Jump to Main Content
Short communication: Gelatinization and enzymatic hydrolysis characteristics relevant to digestion and analysis of glycogen granules isolated from ruminal protozoa
- Hall, M.B.
- Journal of dairy science 2019 v.102 no.5 pp. 4205-4208
- corn, corn starch, dairy cows, digestion, enzymatic hydrolysis, enzymes, gelatinization, glucose, glycogen, granules, hydrogen bonding, hydrolysis, lactating females, lactation, nutrients, rumen protozoa, starch, wheat, wheat starch
- Glycogen is an α-glucan produced by rumen microbes from various feed carbohydrates. It may be digested ruminally or intestinally to provide nutrients. The physicochemical and enzymatic hydrolysis characteristics of microbial glycogen have not been described in detail, but do influence its conversion to absorbable nutrients in vivo, its nutritional comparability with plant starch sources, and its accurate analysis in vitro. The objectives of this study were to determine presence or absence of a gelatinization response and to describe enzymatic digestion characteristics of glycogen granules isolated from ruminal protozoa obtained from lactating dairy cows.
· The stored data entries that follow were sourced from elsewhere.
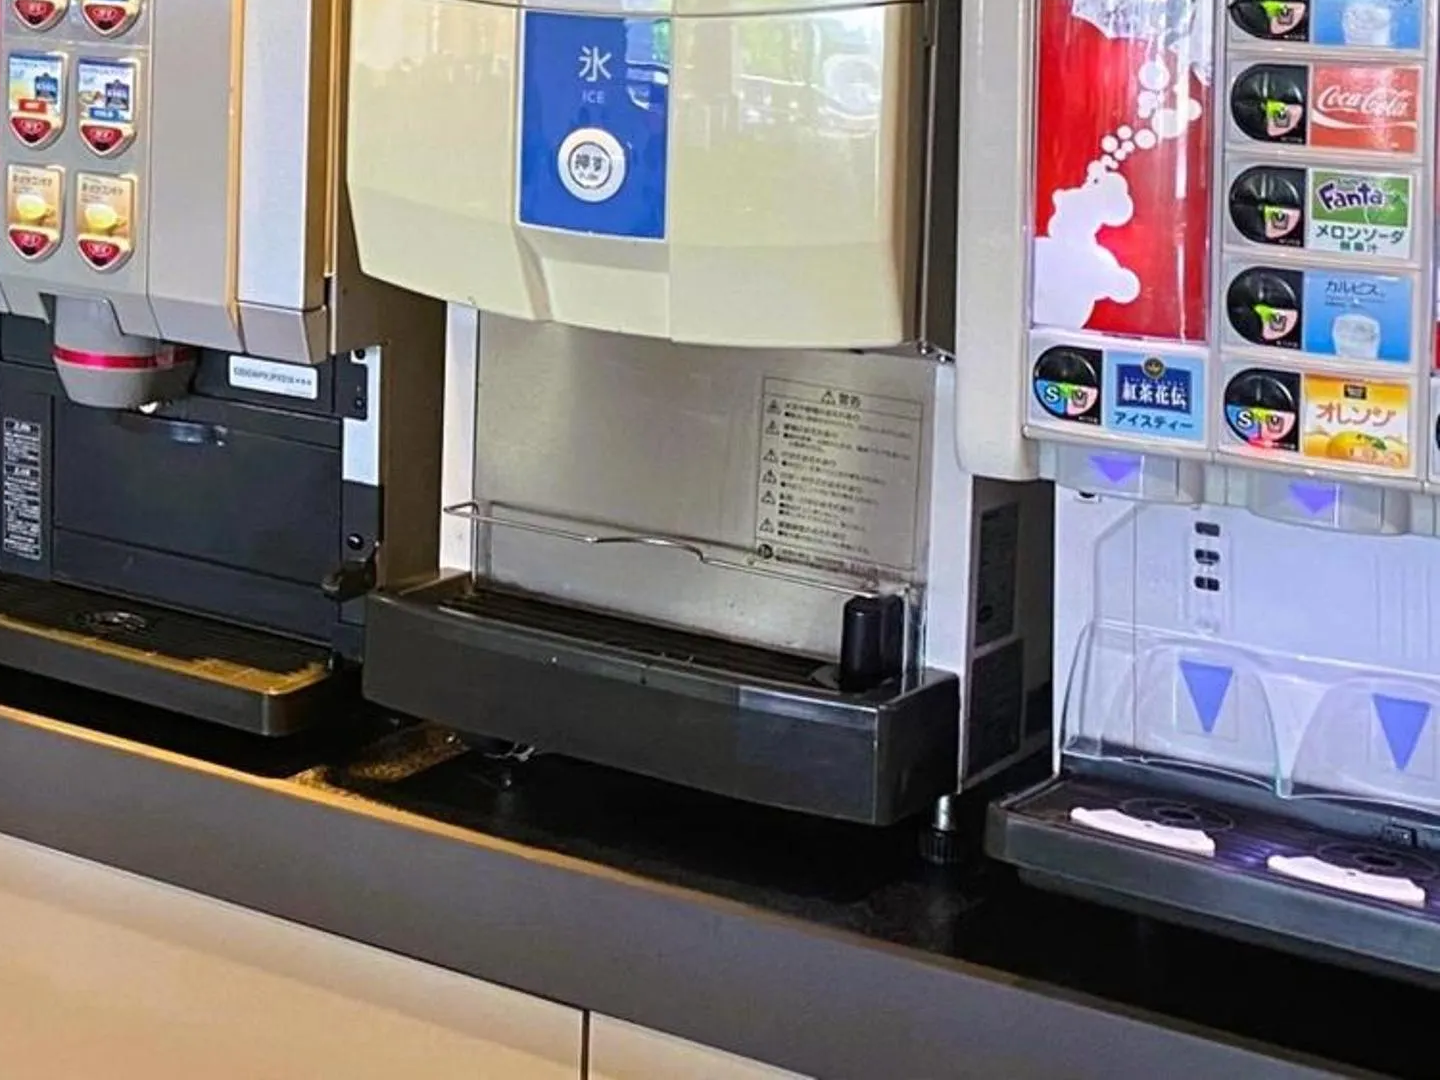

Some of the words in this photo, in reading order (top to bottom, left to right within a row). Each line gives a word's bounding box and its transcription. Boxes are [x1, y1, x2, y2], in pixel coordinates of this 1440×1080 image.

[578, 45, 613, 82] 氷
[582, 90, 605, 104] ICE
[1316, 84, 1412, 119] Coca-Cola
[574, 153, 605, 171] 押す
[1318, 182, 1385, 210] Fanta
[1315, 224, 1405, 244] メロンソーダ
[1324, 280, 1382, 296] カルピス
[1045, 386, 1060, 403] S
[1121, 377, 1187, 409] 紅茶花伝
[1114, 411, 1194, 431] アイスティー
[1238, 411, 1252, 428] S
[1316, 402, 1397, 427] オレンジ
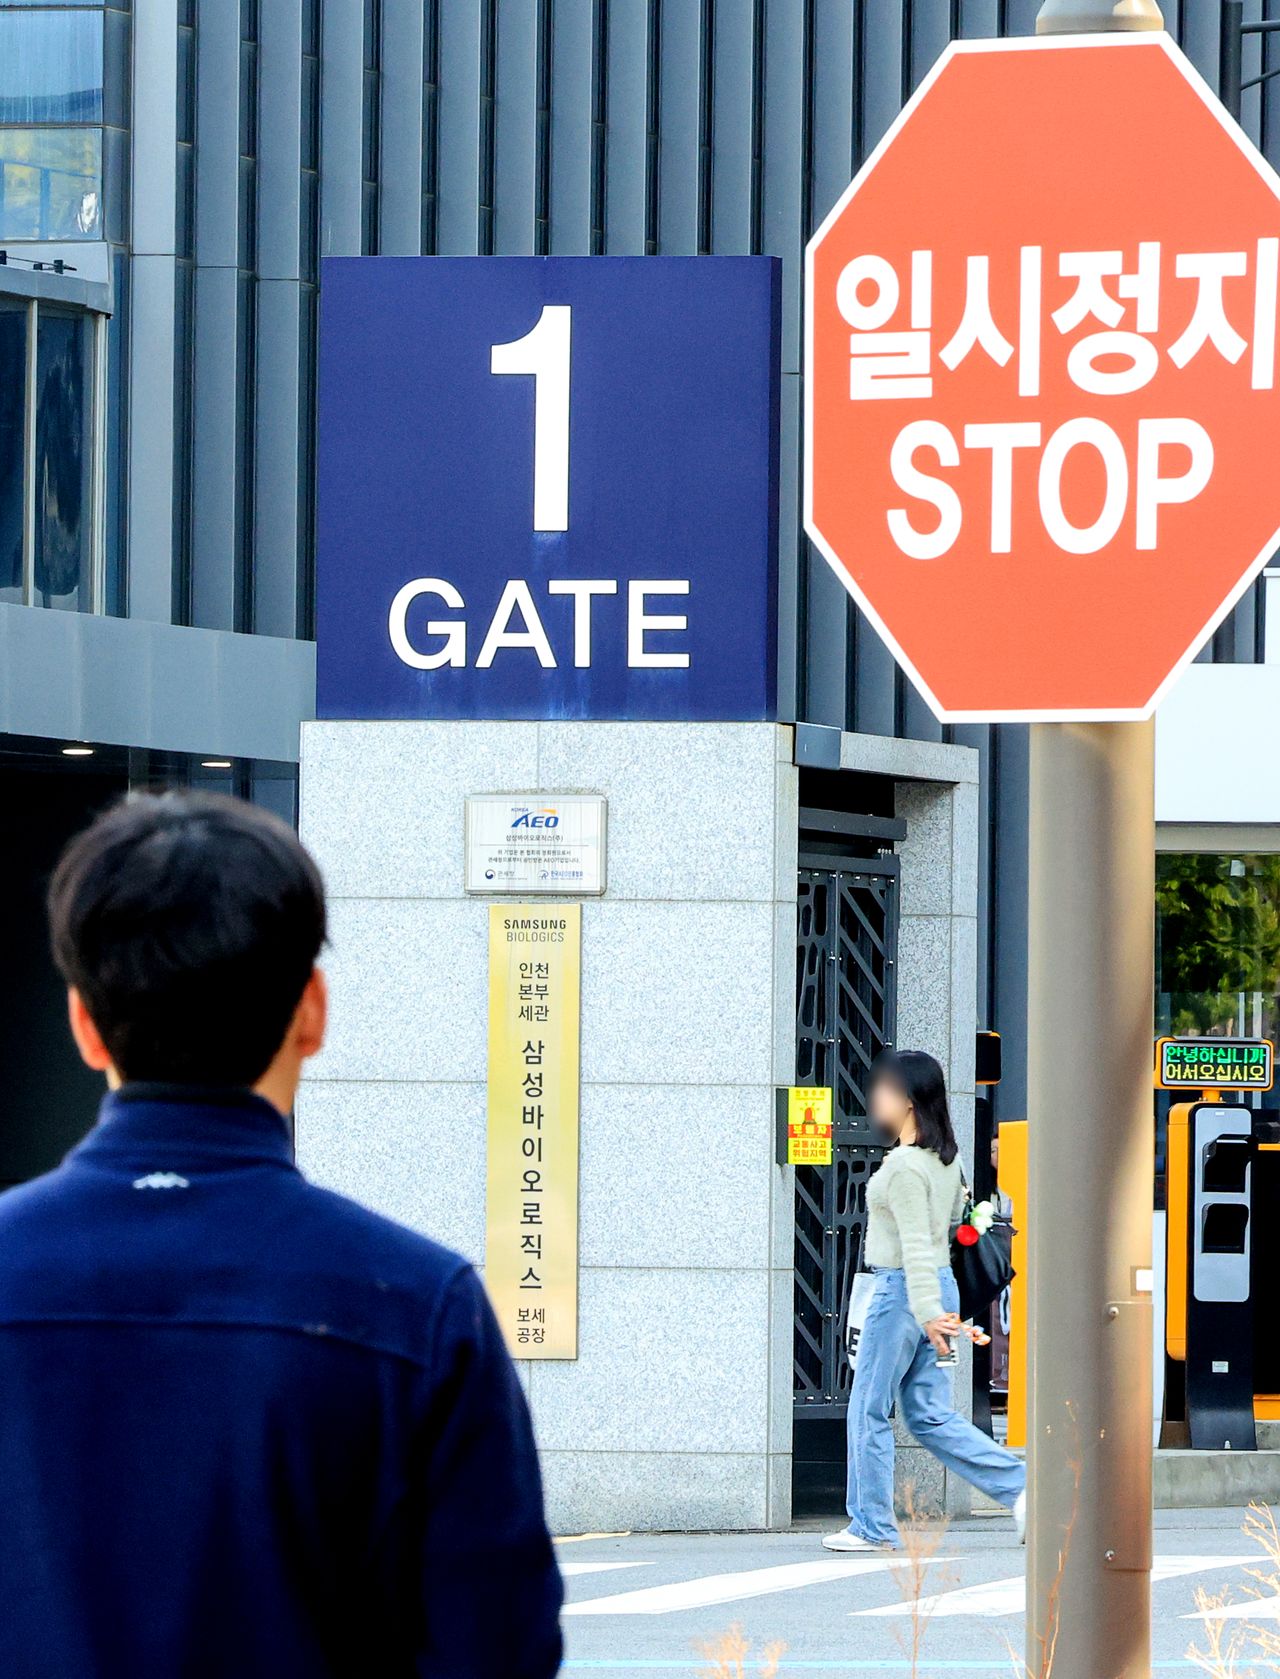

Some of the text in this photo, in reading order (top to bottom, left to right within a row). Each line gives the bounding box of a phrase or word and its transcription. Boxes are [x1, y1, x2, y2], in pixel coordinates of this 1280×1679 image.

[836, 237, 1280, 400] 일시정지
[490, 305, 572, 532] 1
[887, 416, 1214, 560] STOP
[388, 577, 691, 669] GATE
[510, 811, 559, 828] AEO
[504, 919, 567, 930] SAMSUNG
[506, 932, 565, 943] BIOLOGICS
[519, 962, 549, 979] 인천
[518, 984, 549, 1001] 본부
[518, 1005, 549, 1022] 세관
[1166, 1046, 1266, 1064] 안녕하십니까
[1166, 1064, 1265, 1081] 어서오십시오
[793, 1140, 827, 1148] 교통사고
[793, 1149, 827, 1157] 위험지역
[519, 1040, 545, 1289] 삼성바이오로직스
[517, 1308, 546, 1324] 보세
[517, 1327, 546, 1344] 공장
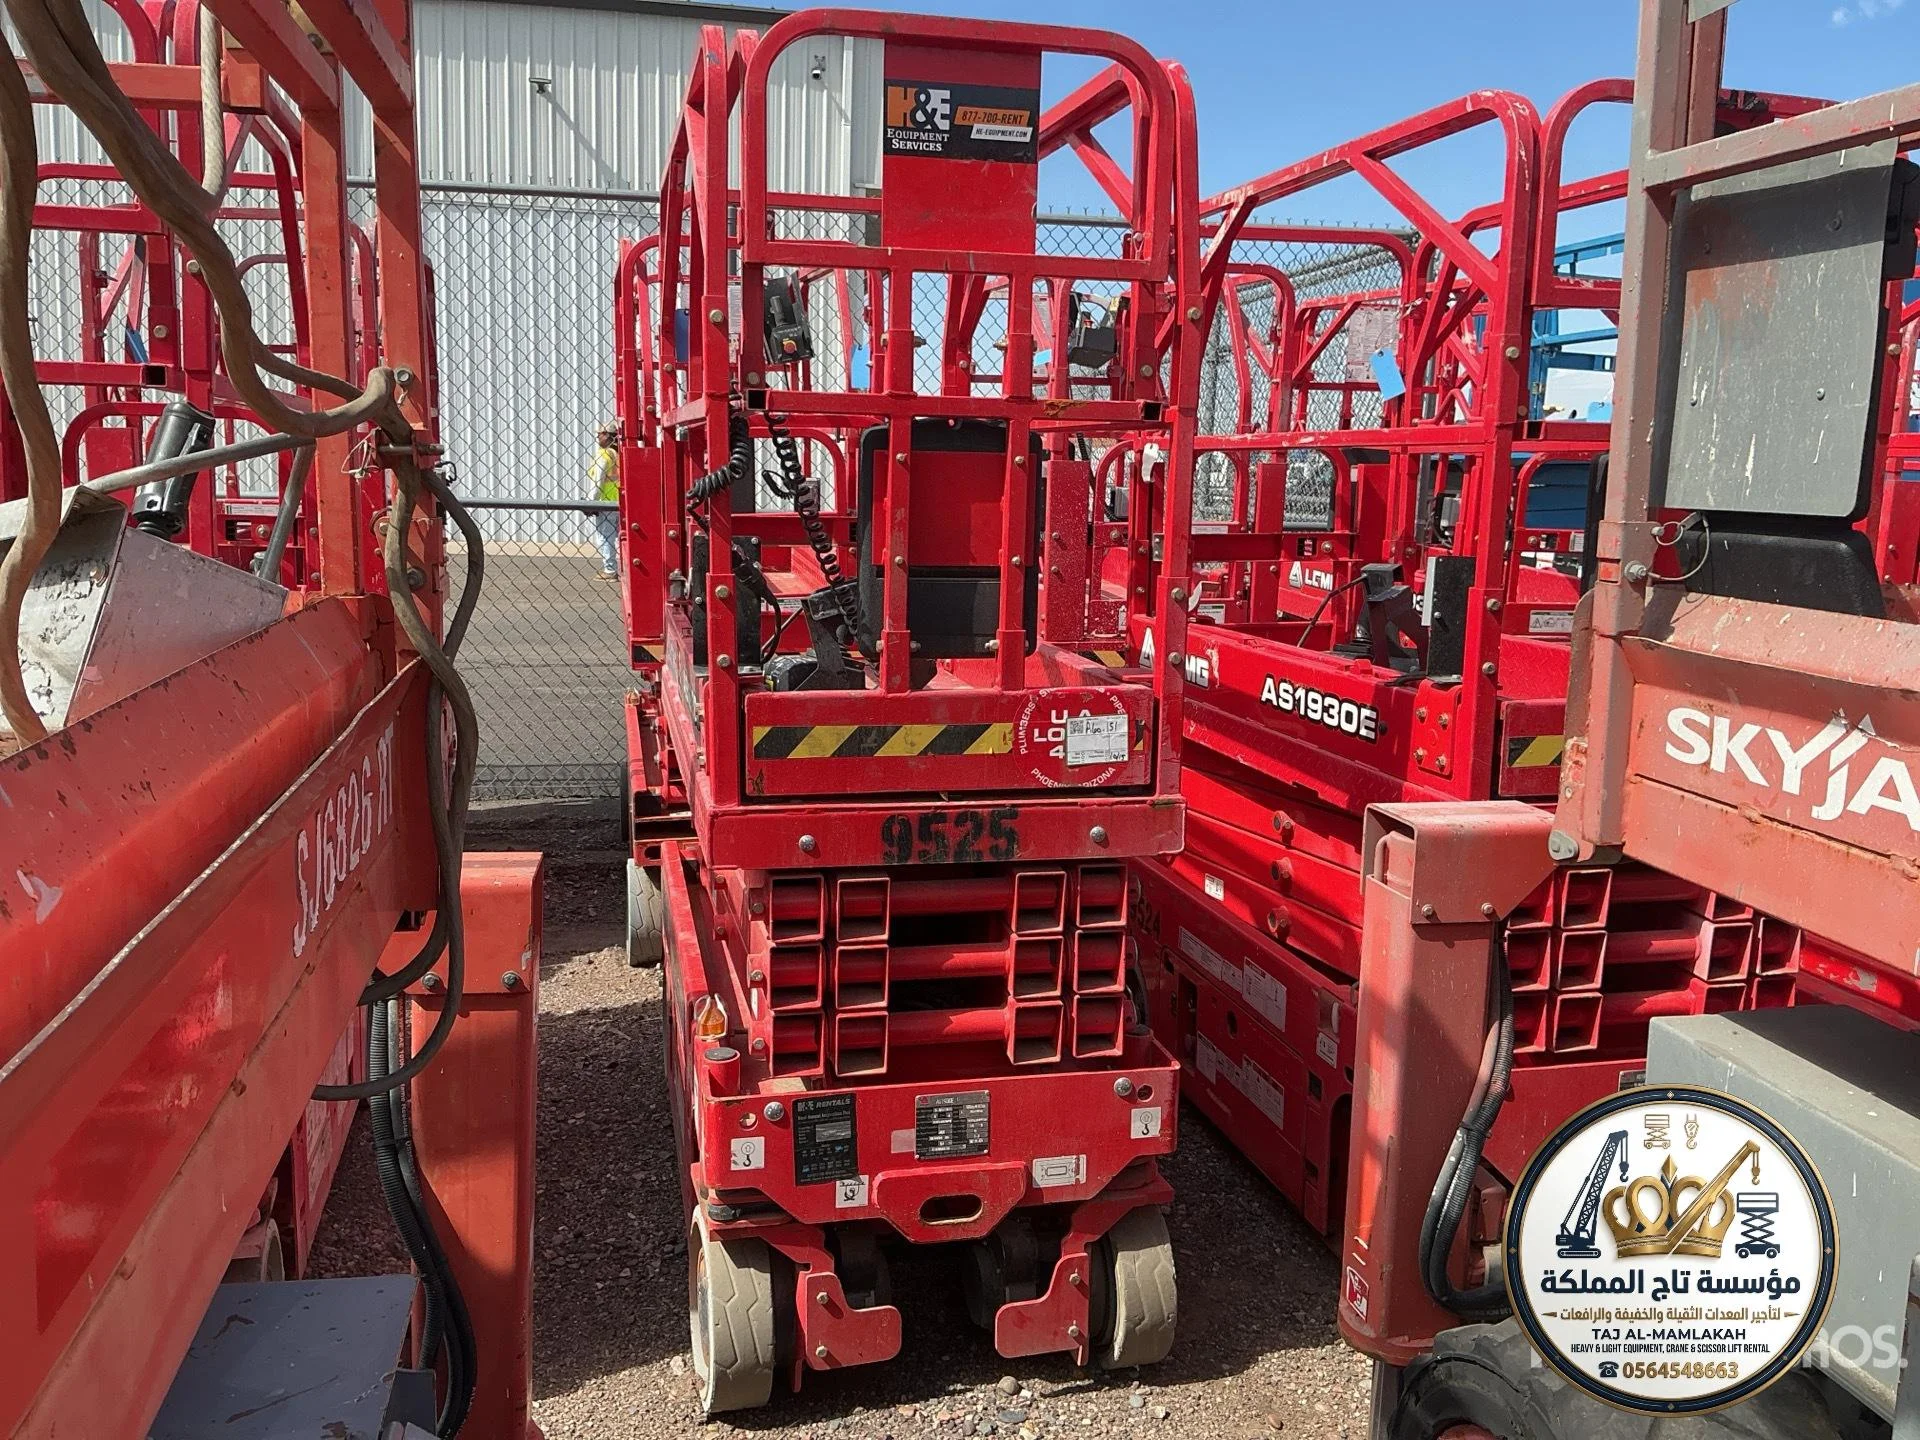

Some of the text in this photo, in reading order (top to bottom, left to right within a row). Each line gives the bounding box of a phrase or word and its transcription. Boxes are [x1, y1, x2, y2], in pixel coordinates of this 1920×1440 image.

[887, 86, 950, 130] H&E
[961, 110, 1024, 125] 877-700-RENT
[892, 138, 942, 151] SERVICES
[1261, 677, 1377, 740] AS1930E
[293, 755, 374, 958] SJ6826
[881, 807, 1019, 864] 9525
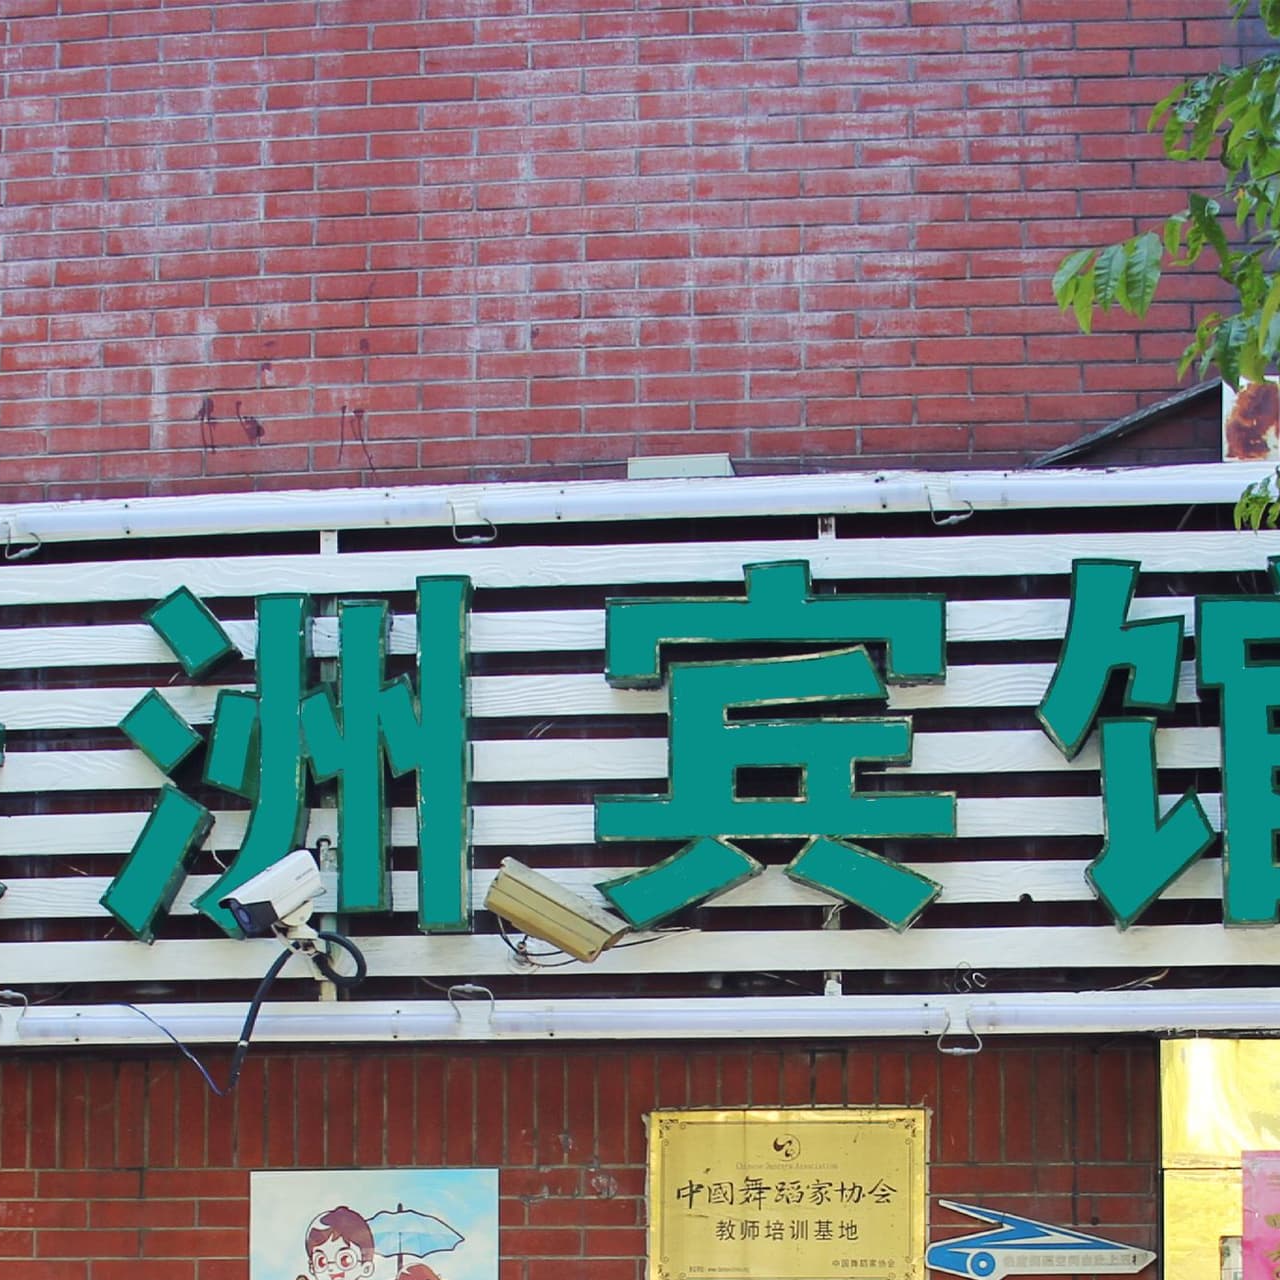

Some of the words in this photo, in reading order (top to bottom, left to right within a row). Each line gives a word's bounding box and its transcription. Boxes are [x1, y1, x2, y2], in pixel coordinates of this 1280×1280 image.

[715, 1219, 860, 1241] 教师培训基地
Protozoal glycogen granules were determined to be 98.3% α-glucan. Granules displayed gelatinization, the breaking of hydrogen bonds between molecules or branches, at 65°C compared with purified wheat and corn starches, which initiated gelatinization at 50 and 65°C, respectively. Digestion of ungelatinized samples with amyloglucosidase for 2 h at 39°C showed approximately 3-fold greater hydrolysis to glucose for protozoal glycogen (25.2% of dry matter; DM) than for wheat (9.9% of DM) or corn (8.2% of DM) starches. Based on enzymatic digestion results, protozoal glycogen may be more readily digested than intact corn or wheat starches and should be gelatinized or the hydrogen bonds otherwise disrupted to allow more complete recovery in enzymatic analysis.